I don’t know any Russian to make a guess as to why its endings are such an extreme anomaly. All I can think of is that its cyrillic alphabet with 33 letters is the longest one in the sample.
With English on the other hand, I have many theories to explain its ending diversity. It has shed most cases & tenses with its evolution but it does keep a lot of frozen morphological inflections it imported from Latin via French. It follows naturally the Germanic penchant for word composition (agglutination) and likes to import words voraciously like no other language, often preserving their spelling. Finally, English uses 26 letters to represent 44 phonemes (sound pieces) which it does through (very inconsistent) letter combinations.
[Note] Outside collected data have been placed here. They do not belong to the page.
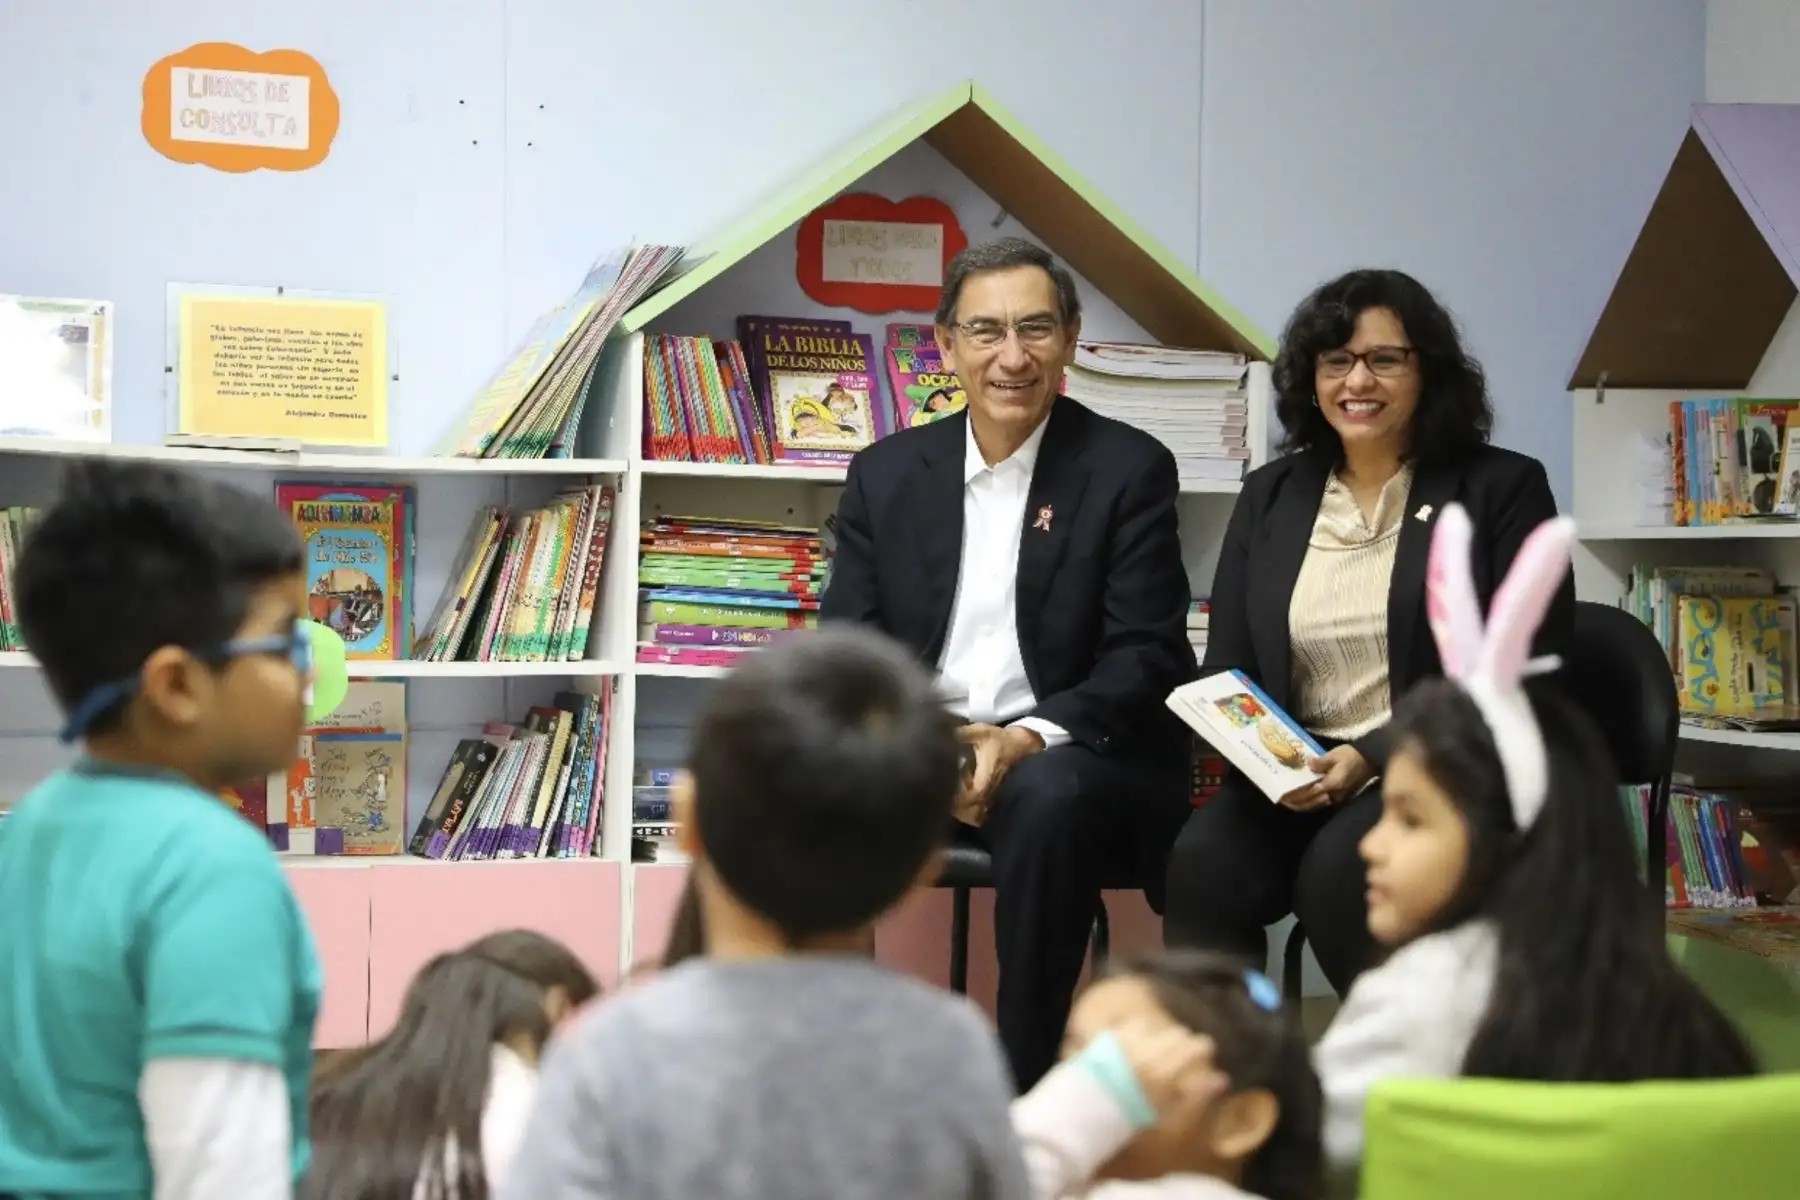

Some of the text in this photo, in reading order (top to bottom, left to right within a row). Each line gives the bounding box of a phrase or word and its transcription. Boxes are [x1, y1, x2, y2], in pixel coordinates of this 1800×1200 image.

[188, 73, 291, 105] LIBROS DE
[179, 107, 297, 138] CONSULTA
[765, 334, 865, 357] LA BIBLIA
[766, 354, 866, 371] DE LOS NIÑOS
[917, 373, 961, 387] OCEA
Beginnings are much less structured than endings and that’s immediately apparent in their letterclouds but even more so in the lineplot of cumulative percentages of letter beginnings: there’s much less variance and the shapes tend to approximate (with a bend) the diagonal of even distribution.
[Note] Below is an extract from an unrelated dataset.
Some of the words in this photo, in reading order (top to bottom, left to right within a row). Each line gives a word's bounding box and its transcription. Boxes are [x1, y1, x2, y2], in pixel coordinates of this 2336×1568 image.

Morphology is by far a suffix game in Western languages (almost all meaning inflections are specified by varying the ending of words, NOT their beginnings — why?) and this seems to mean that beginnings are under few constraints.
Words come from lists of common words from Mathematica’s WordList and come in a dictionary form. A deeper research would source from real-life, representative corpora exhibiting all the morphological permutations words allow (plurals, tenses, genders, cases, inflections…).
This was all done in Mathematica 11. I’m finally starting to grok it after flirting with it since college (almost a decade ago!). It’s valuable to me specially as a tool for exploration, while the architecture and brilliance of such a complex system is a constant source of joy and inspiration.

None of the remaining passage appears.